DESCRIPTION OF THE TASK: Once the line with "this 1288×966 image." is found, repeat exactly that line and every one after it until the data below ends, including the last line.

Free-text object descriptions:

= Beginning of Section =

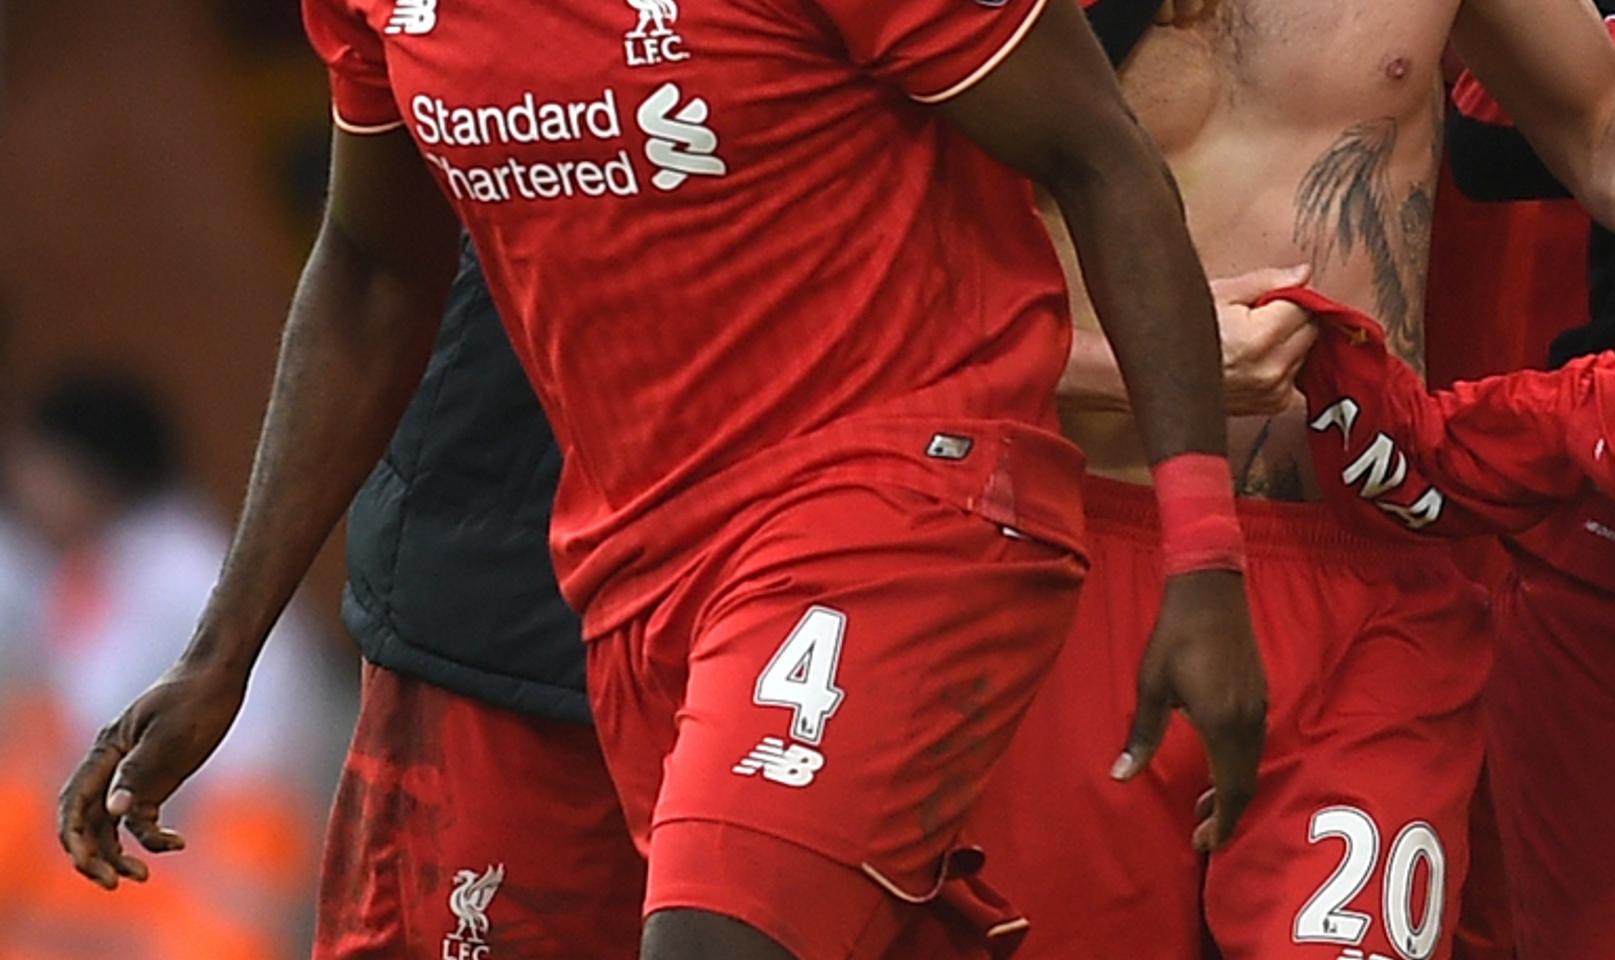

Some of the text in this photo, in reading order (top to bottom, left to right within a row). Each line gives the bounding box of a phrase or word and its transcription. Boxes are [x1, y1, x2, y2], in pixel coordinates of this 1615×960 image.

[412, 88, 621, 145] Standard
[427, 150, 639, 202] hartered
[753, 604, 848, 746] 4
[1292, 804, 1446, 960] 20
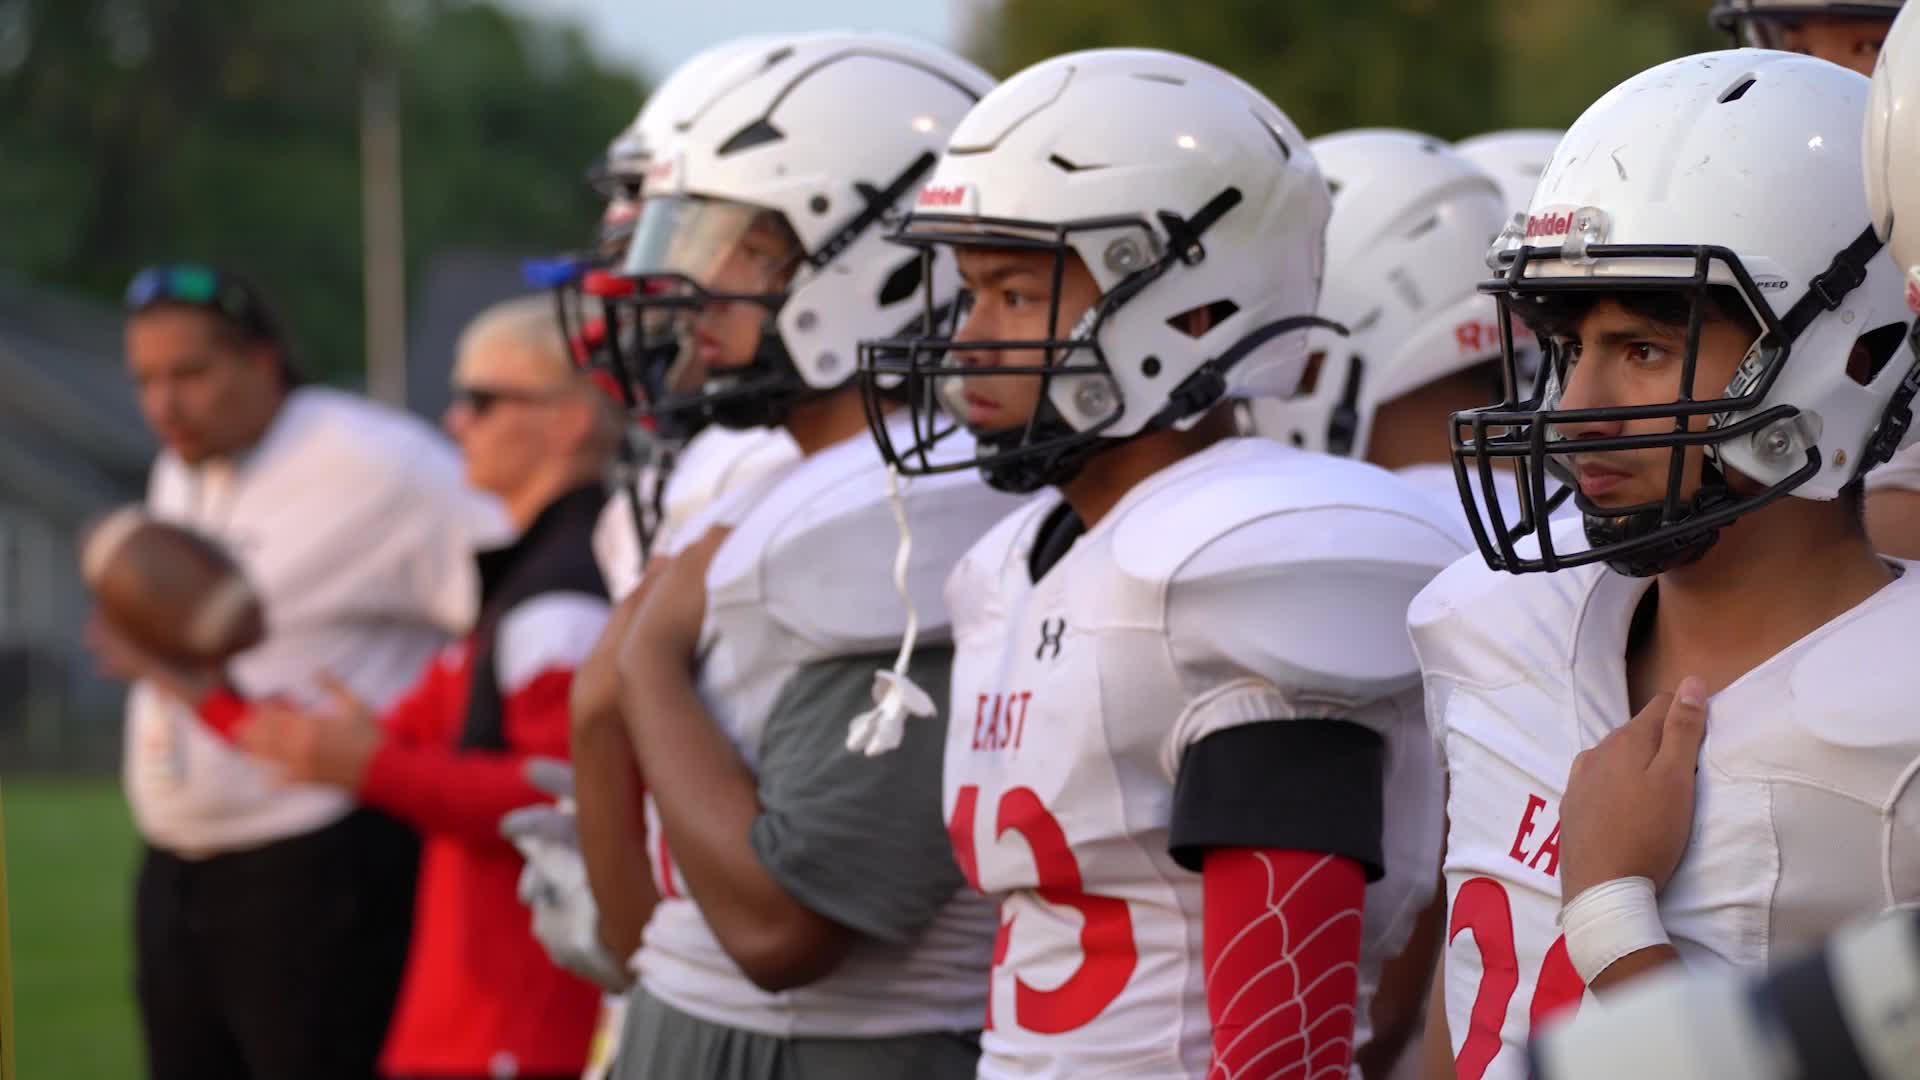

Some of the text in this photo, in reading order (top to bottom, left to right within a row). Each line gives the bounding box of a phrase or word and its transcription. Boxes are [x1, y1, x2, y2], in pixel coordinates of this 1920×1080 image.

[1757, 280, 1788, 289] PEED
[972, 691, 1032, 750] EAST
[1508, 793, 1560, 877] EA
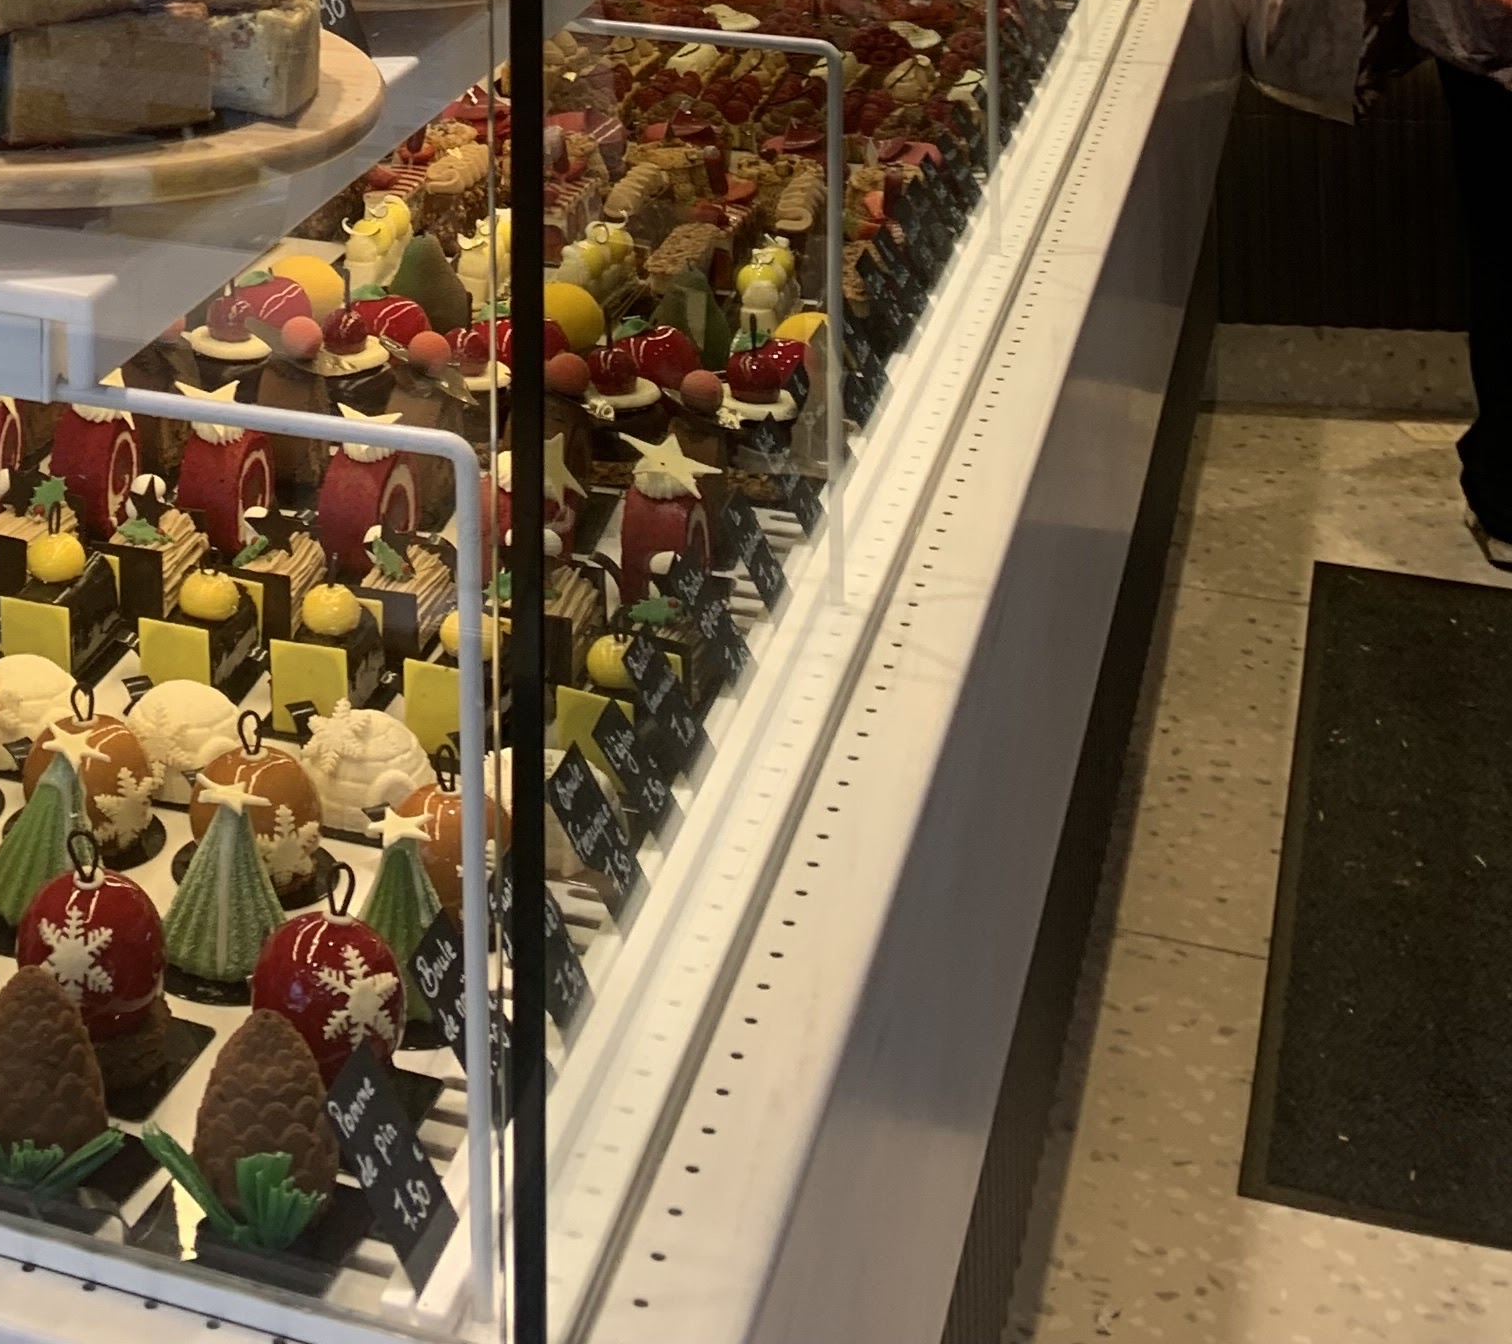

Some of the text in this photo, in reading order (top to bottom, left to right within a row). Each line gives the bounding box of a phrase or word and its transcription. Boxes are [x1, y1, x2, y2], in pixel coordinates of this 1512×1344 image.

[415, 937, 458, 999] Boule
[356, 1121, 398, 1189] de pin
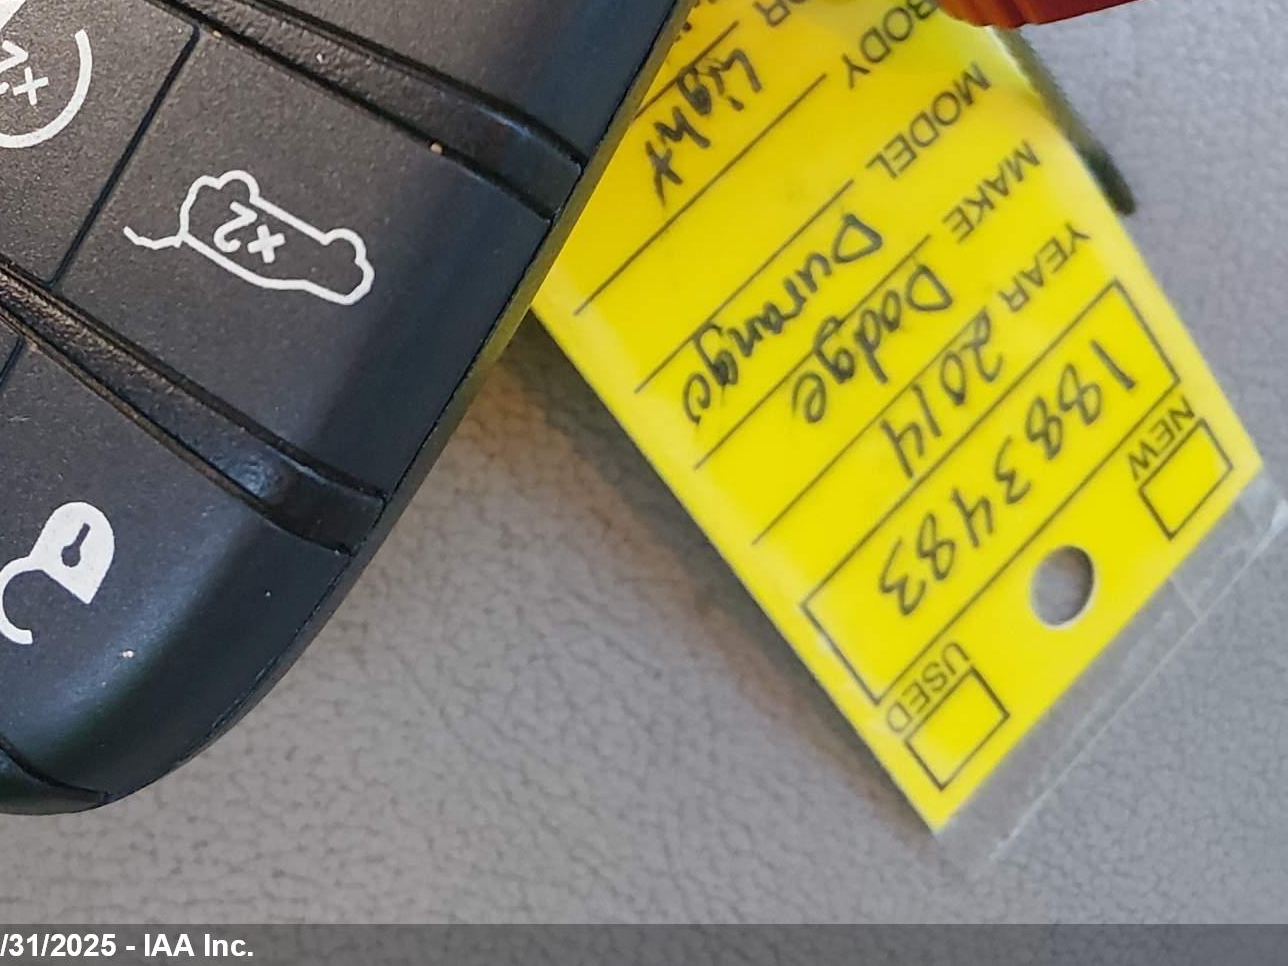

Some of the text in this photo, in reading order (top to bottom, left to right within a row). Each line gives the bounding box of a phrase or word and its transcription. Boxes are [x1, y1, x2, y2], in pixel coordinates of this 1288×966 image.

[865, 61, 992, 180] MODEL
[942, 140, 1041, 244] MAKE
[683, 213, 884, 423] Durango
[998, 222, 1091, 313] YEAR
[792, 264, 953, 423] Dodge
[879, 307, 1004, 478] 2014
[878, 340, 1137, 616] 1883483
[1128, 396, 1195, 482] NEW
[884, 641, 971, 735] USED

= End of Section =

ANSWER TO THIS EXERCISE:
Some of the text in this photo, in reading order (top to bottom, left to right within a row). Each line gives the bounding box of a phrase or word and its transcription. Boxes are [x1, y1, x2, y2], in pixel coordinates of this 1288×966 image.

[865, 61, 992, 180] MODEL
[942, 140, 1041, 244] MAKE
[683, 213, 884, 423] Durango
[998, 222, 1091, 313] YEAR
[792, 264, 953, 423] Dodge
[879, 307, 1004, 478] 2014
[878, 340, 1137, 616] 1883483
[1128, 396, 1195, 482] NEW
[884, 641, 971, 735] USED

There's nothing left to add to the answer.